I first saw The Wave – released in 1981 as part of the American Broadcasting Company’s “Theatre for Young Americans” series – at Jewish summer camp. (It’s now freely available on YouTube.) Based on California high school teacher Ron Jones’ “Third Wave” experiment of the mid-1960s, the film is set in an American school where a history teacher struggles to explain to his students how ordinary people fell in line behind Hitler. “How could the Germans sit back while the Nazis slaughtered people all around them and say that they didn’t know anything about it?” a student asks one day.
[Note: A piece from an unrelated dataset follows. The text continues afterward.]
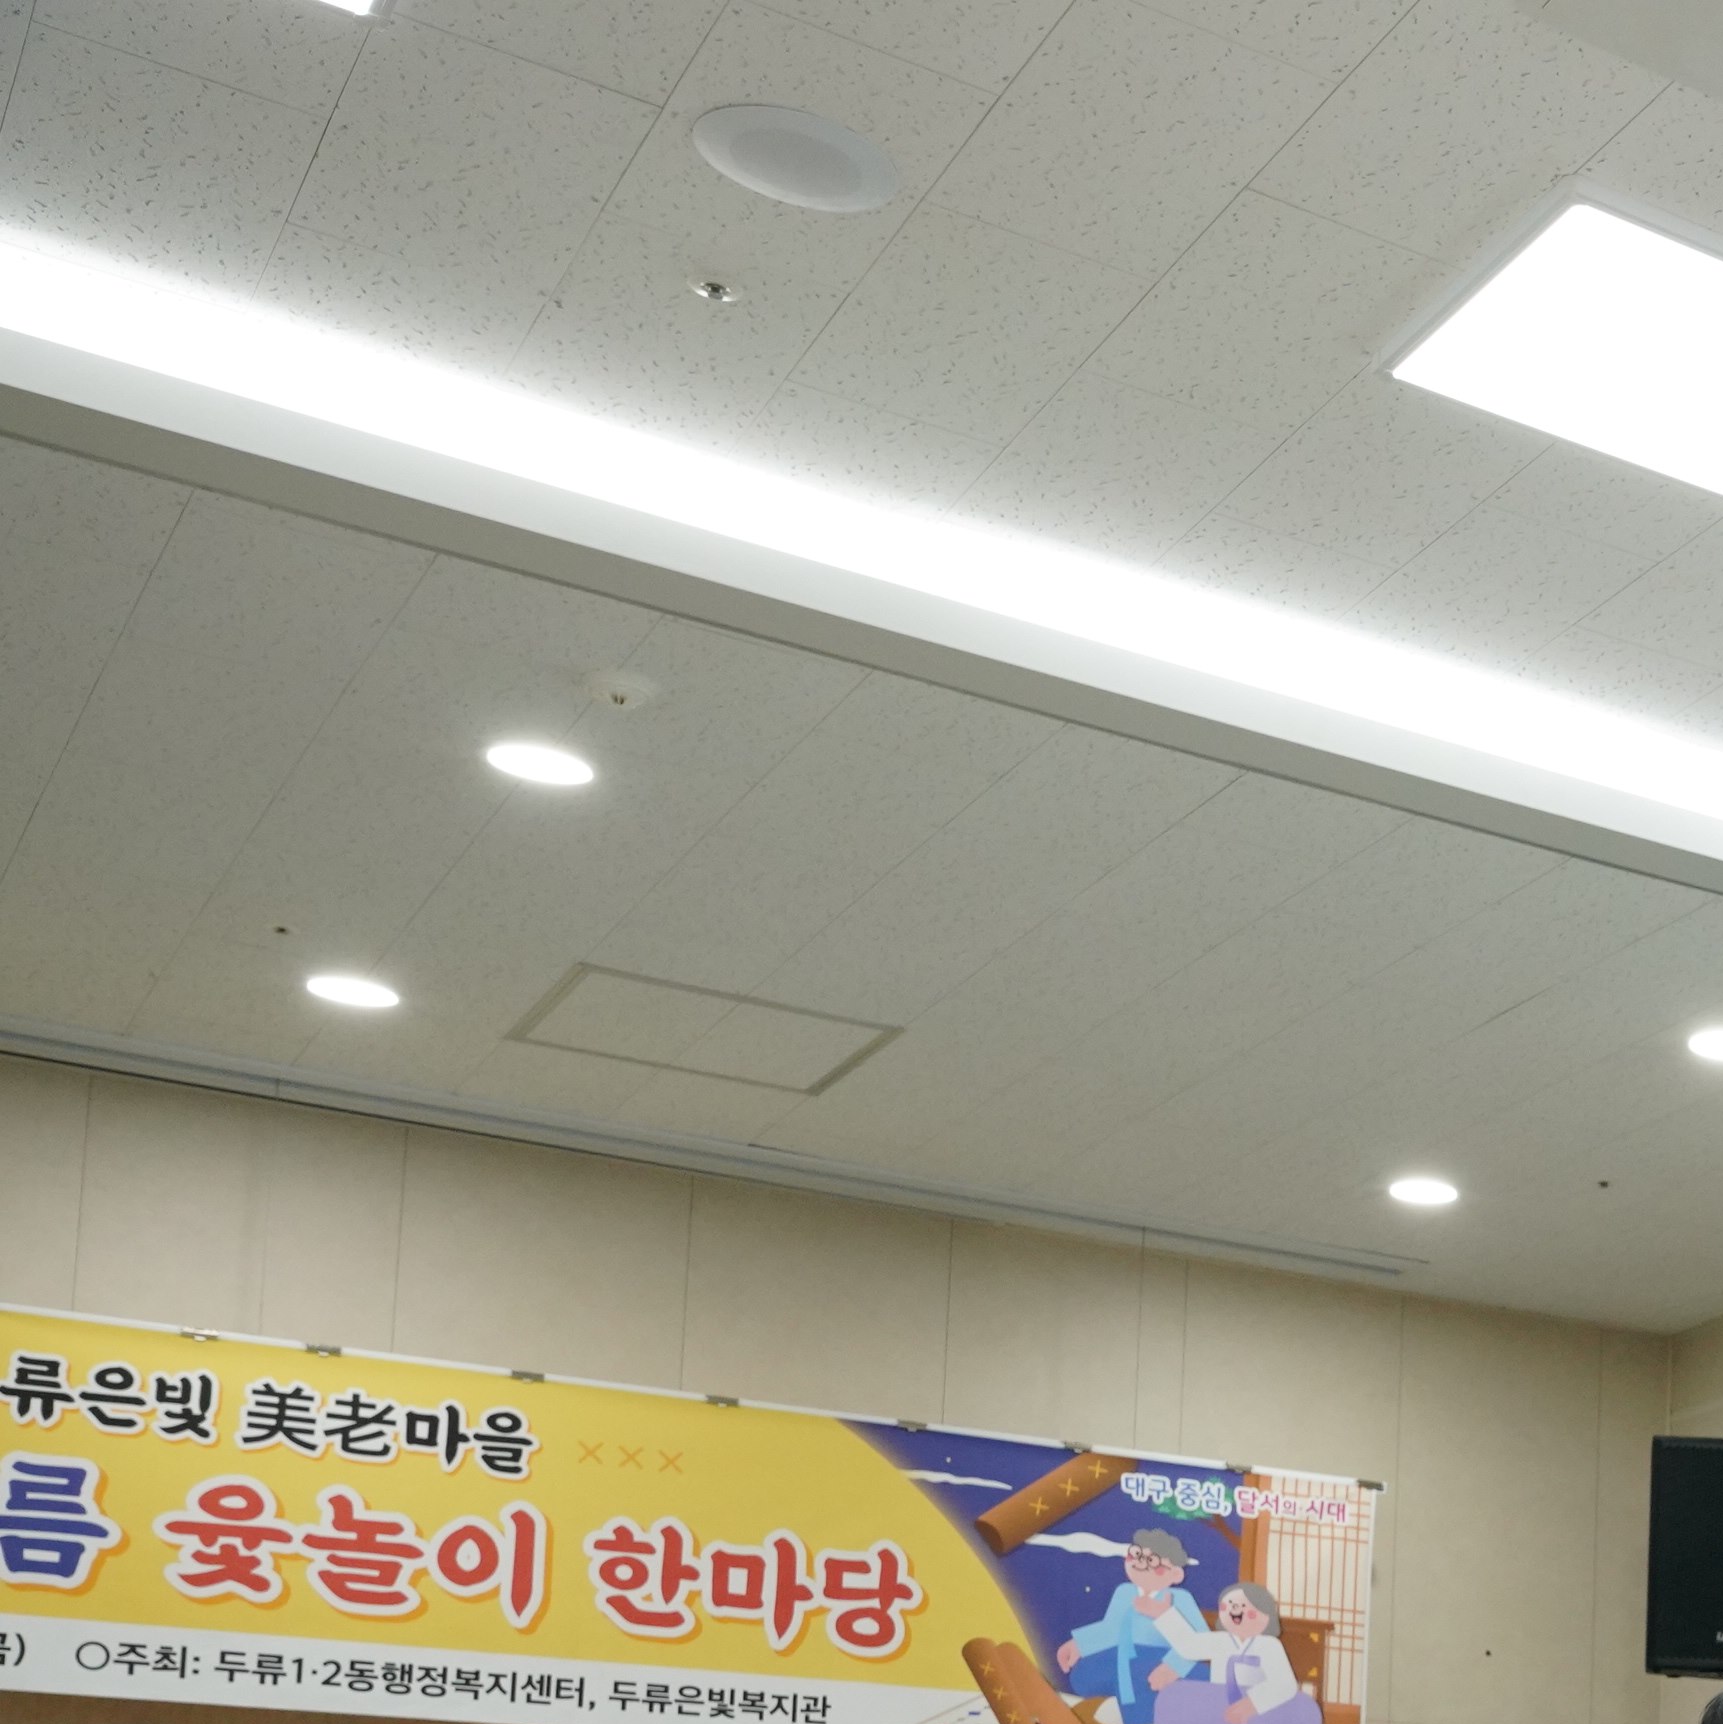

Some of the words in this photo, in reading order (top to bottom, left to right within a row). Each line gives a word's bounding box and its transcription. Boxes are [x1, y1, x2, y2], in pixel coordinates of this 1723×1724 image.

Her teacher, Mr. Ross, decides the best way to answer that question is to show it in action. He starts a class club, dubbed the Wave, based on the motto “strength through discipline, strength through community,” and complete with a collective hand salute. It begins innocuously enough with a lesson on proper posture, and the students quickly experience the allure of belonging to something bigger than themselves. But soon, the Wave takes a dark turn, leading to exclusionary policies and violence. The final scene, in which Mr. Ross reveals the true intention of his project, is admittedly a bit hokey, but it effectively brings home the point: it can happen again – and fairly easily, at that.

Not bad for a movie with a reported budget amounting to roughly one per cent of the US$25 million Spielberg had to work with.